§ WHAT YOU WILL DO:
An exact repetition of the data is required; no picture should appear in it.

------ INPUT RECORDS

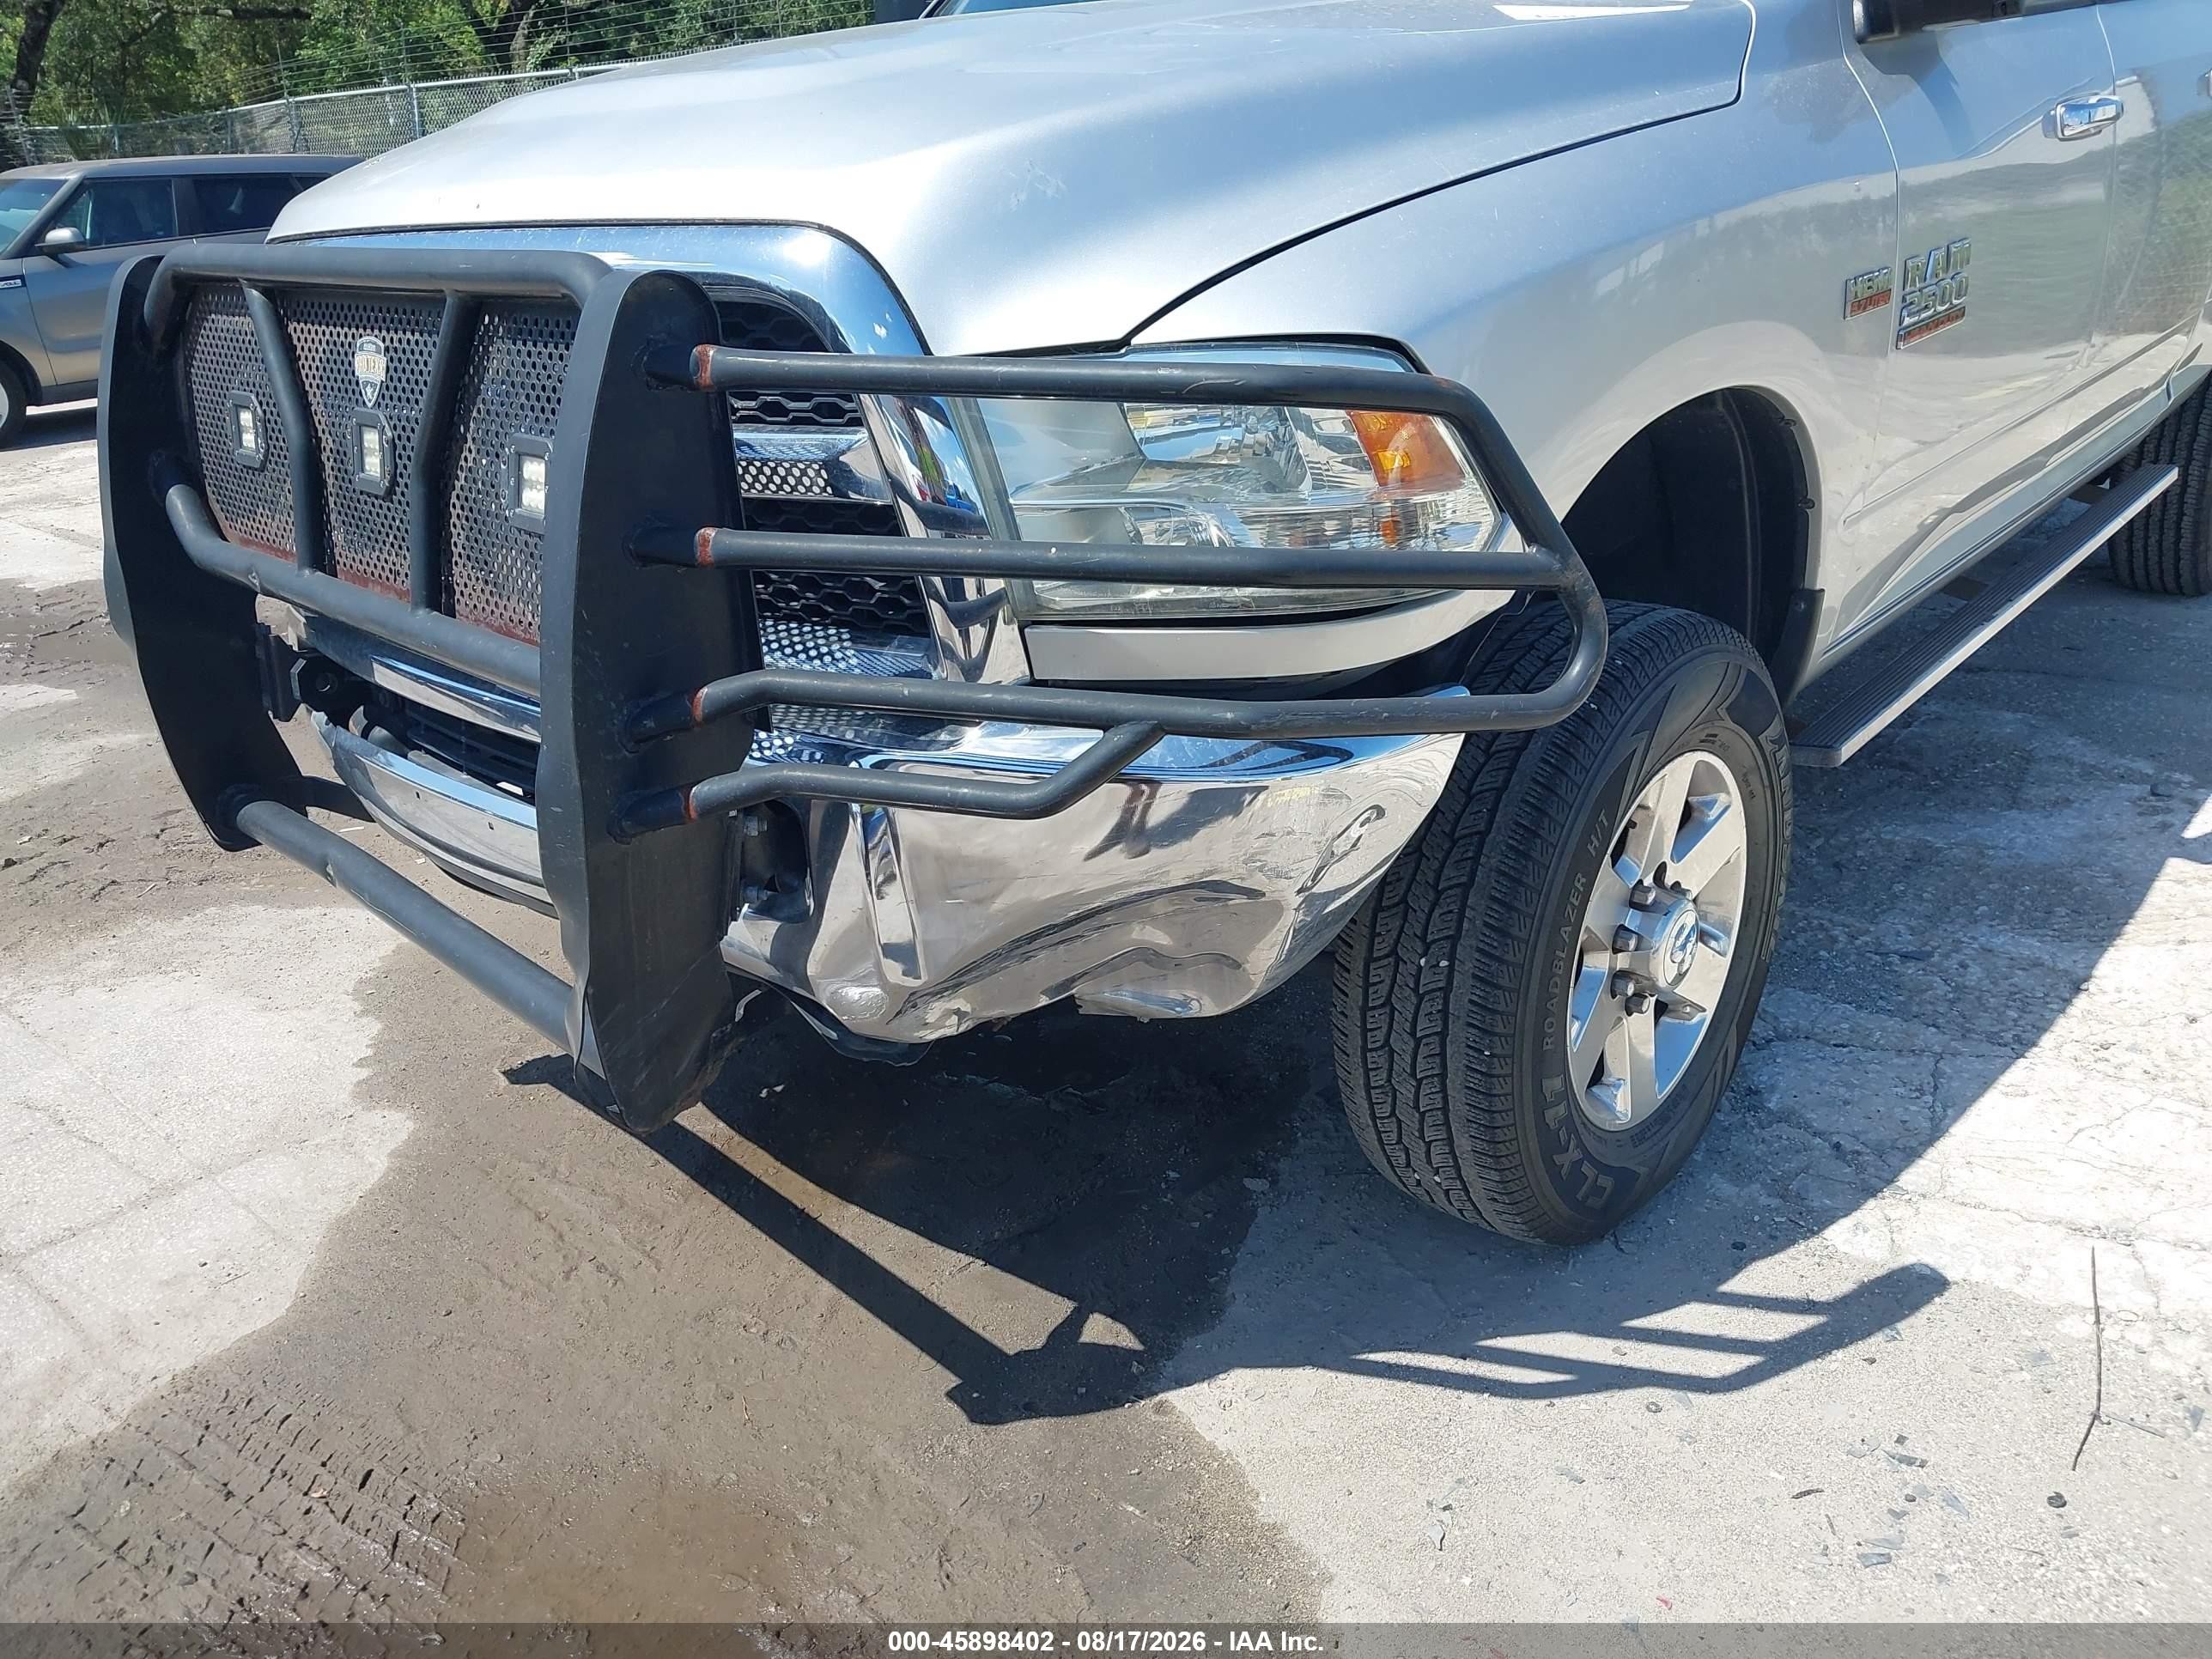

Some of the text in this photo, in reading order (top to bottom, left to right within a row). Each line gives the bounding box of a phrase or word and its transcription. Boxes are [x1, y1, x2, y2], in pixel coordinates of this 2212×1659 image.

[1846, 266, 1892, 301] HEMI
[1903, 237, 1972, 292] RAM
[1900, 270, 1969, 326] 2500
[1542, 808, 1609, 1051] ROADBLAZER H/T
[1541, 1074, 1615, 1209] CLX-11
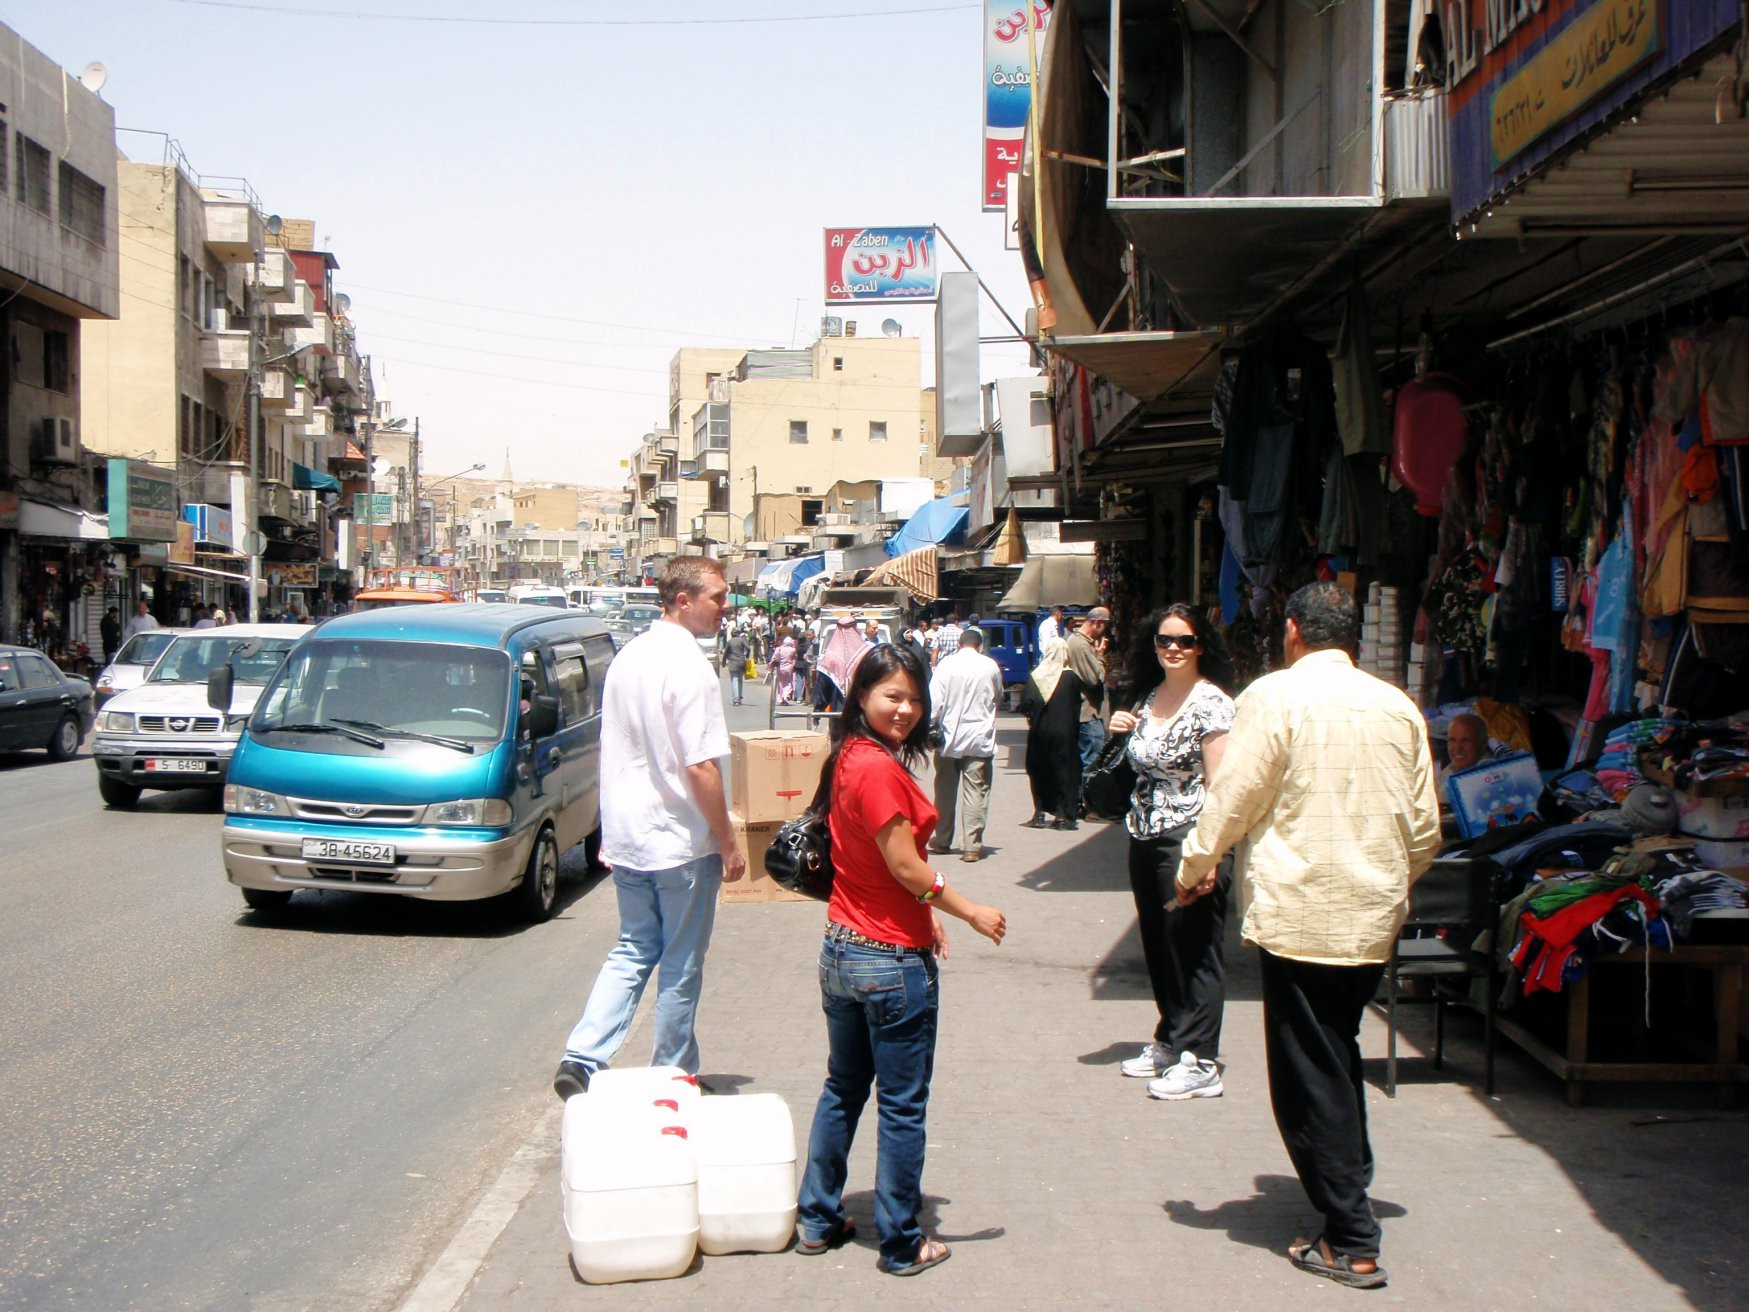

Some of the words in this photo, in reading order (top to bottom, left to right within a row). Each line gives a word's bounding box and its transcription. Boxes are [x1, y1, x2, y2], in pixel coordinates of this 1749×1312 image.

[831, 234, 844, 247] Al
[853, 233, 889, 247] Zaben
[851, 236, 930, 282] الزبن
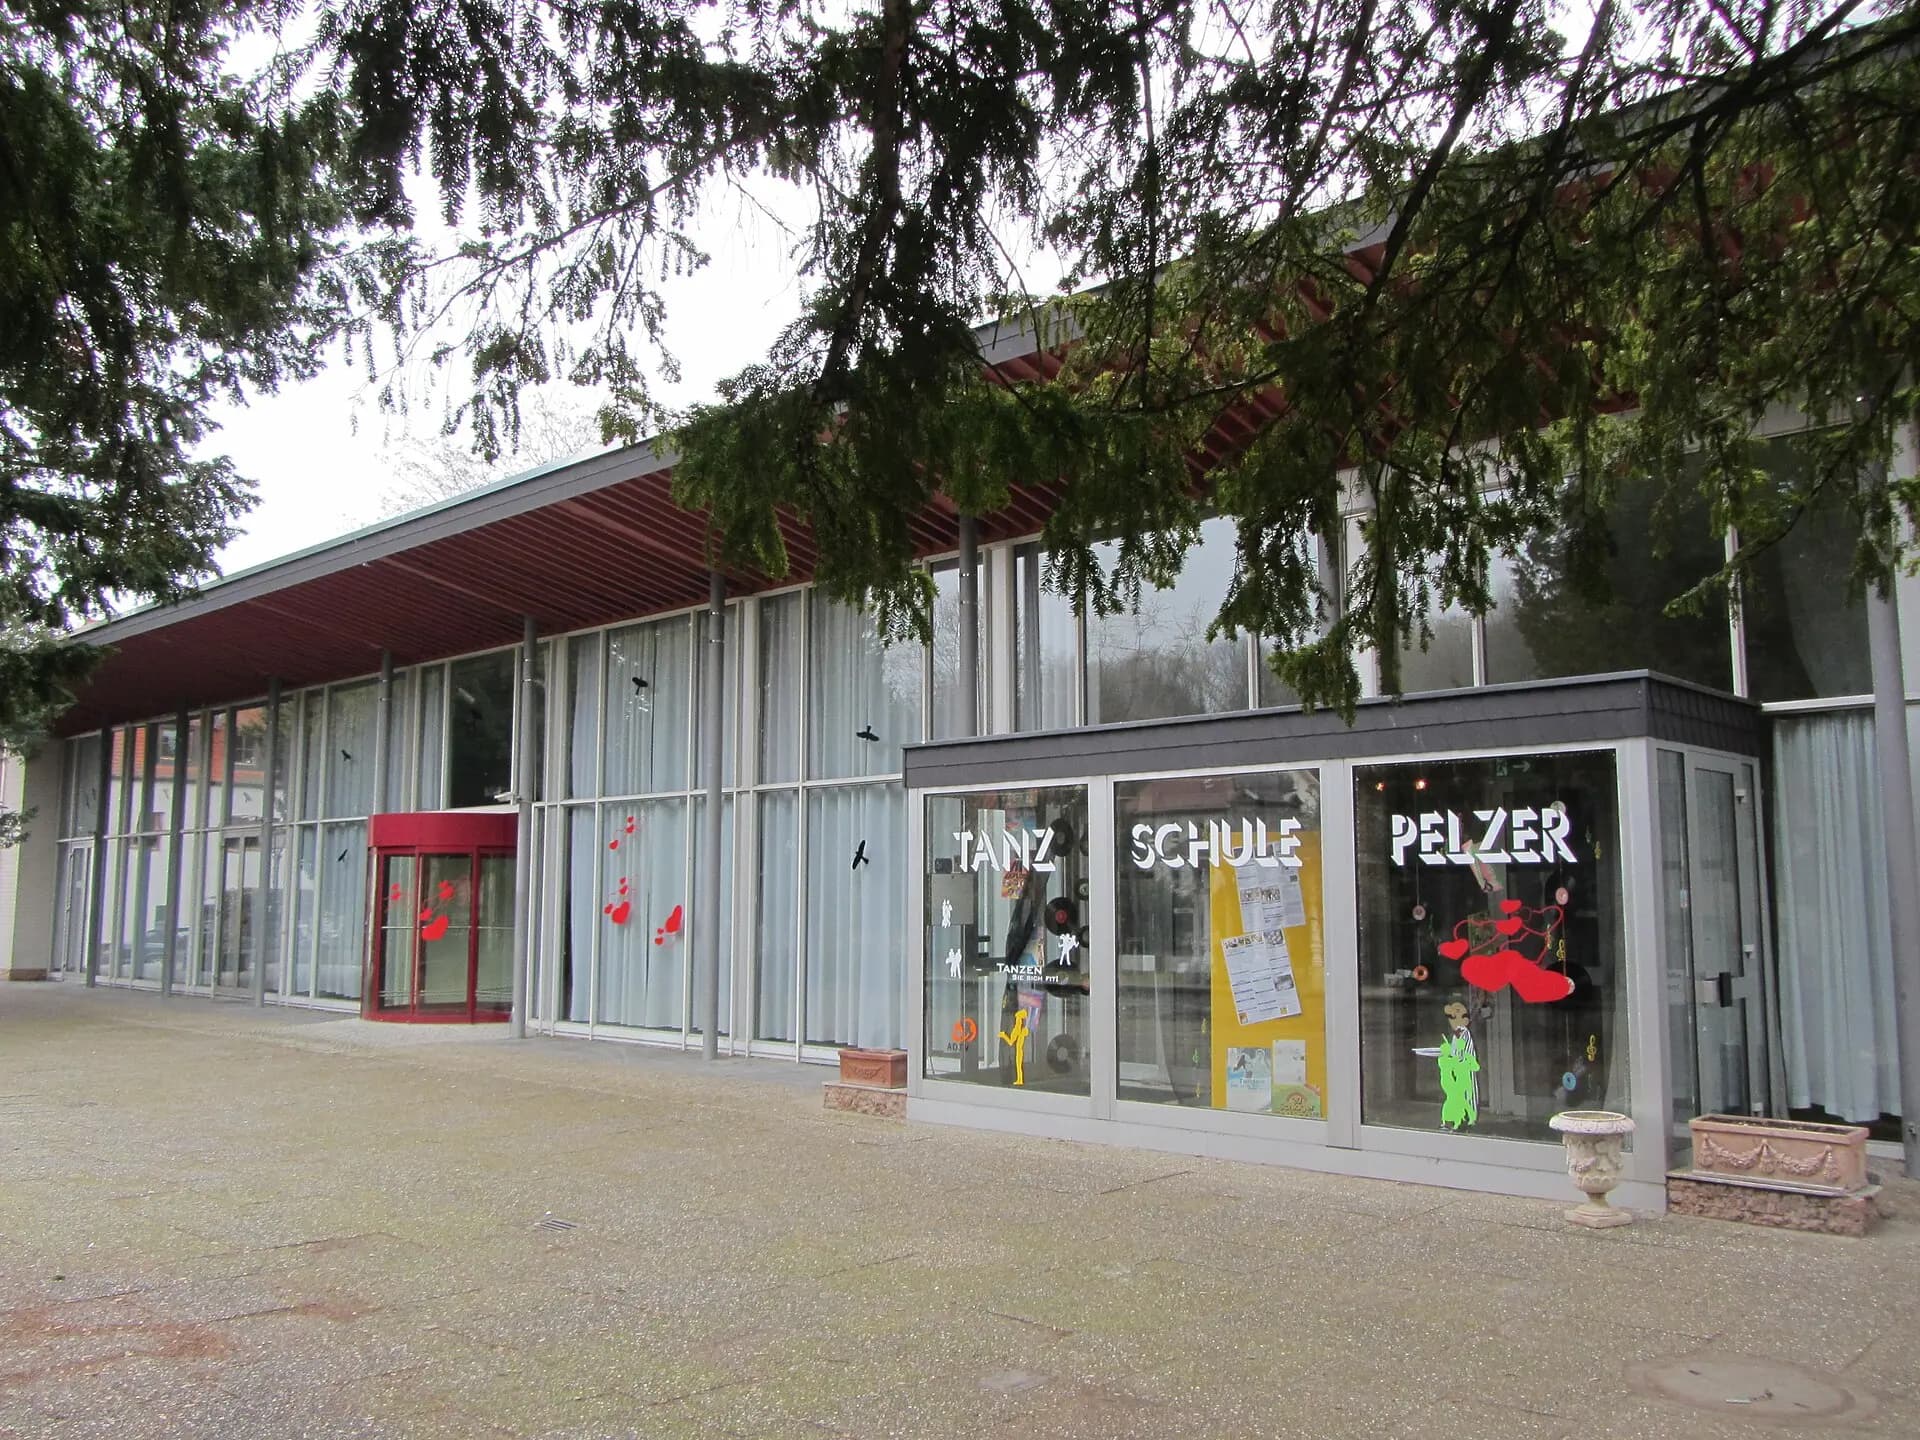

------------

§ SOLUTION FOR THIS EXERCISE:
Some of the text in this photo, in reading order (top to bottom, left to right within a row). Each line gives the bounding box of a phrase or word and its transcription. Boxes are [x1, y1, x2, y2], in pixel coordinates of this 2212×1659 image.

[1846, 266, 1892, 301] HEMI
[1903, 237, 1972, 292] RAM
[1900, 270, 1969, 326] 2500
[1542, 808, 1609, 1051] ROADBLAZER H/T
[1541, 1074, 1615, 1209] CLX-11

Some of the words in this photo, in reading order (top to bottom, left to right within a row). Each line gives a word's bounding box and its transcription. Boxes are [x1, y1, x2, y2], in pixel coordinates of this 1749×1312 image.

[831, 234, 844, 247] Al
[853, 233, 889, 247] Zaben
[851, 236, 930, 282] الزبن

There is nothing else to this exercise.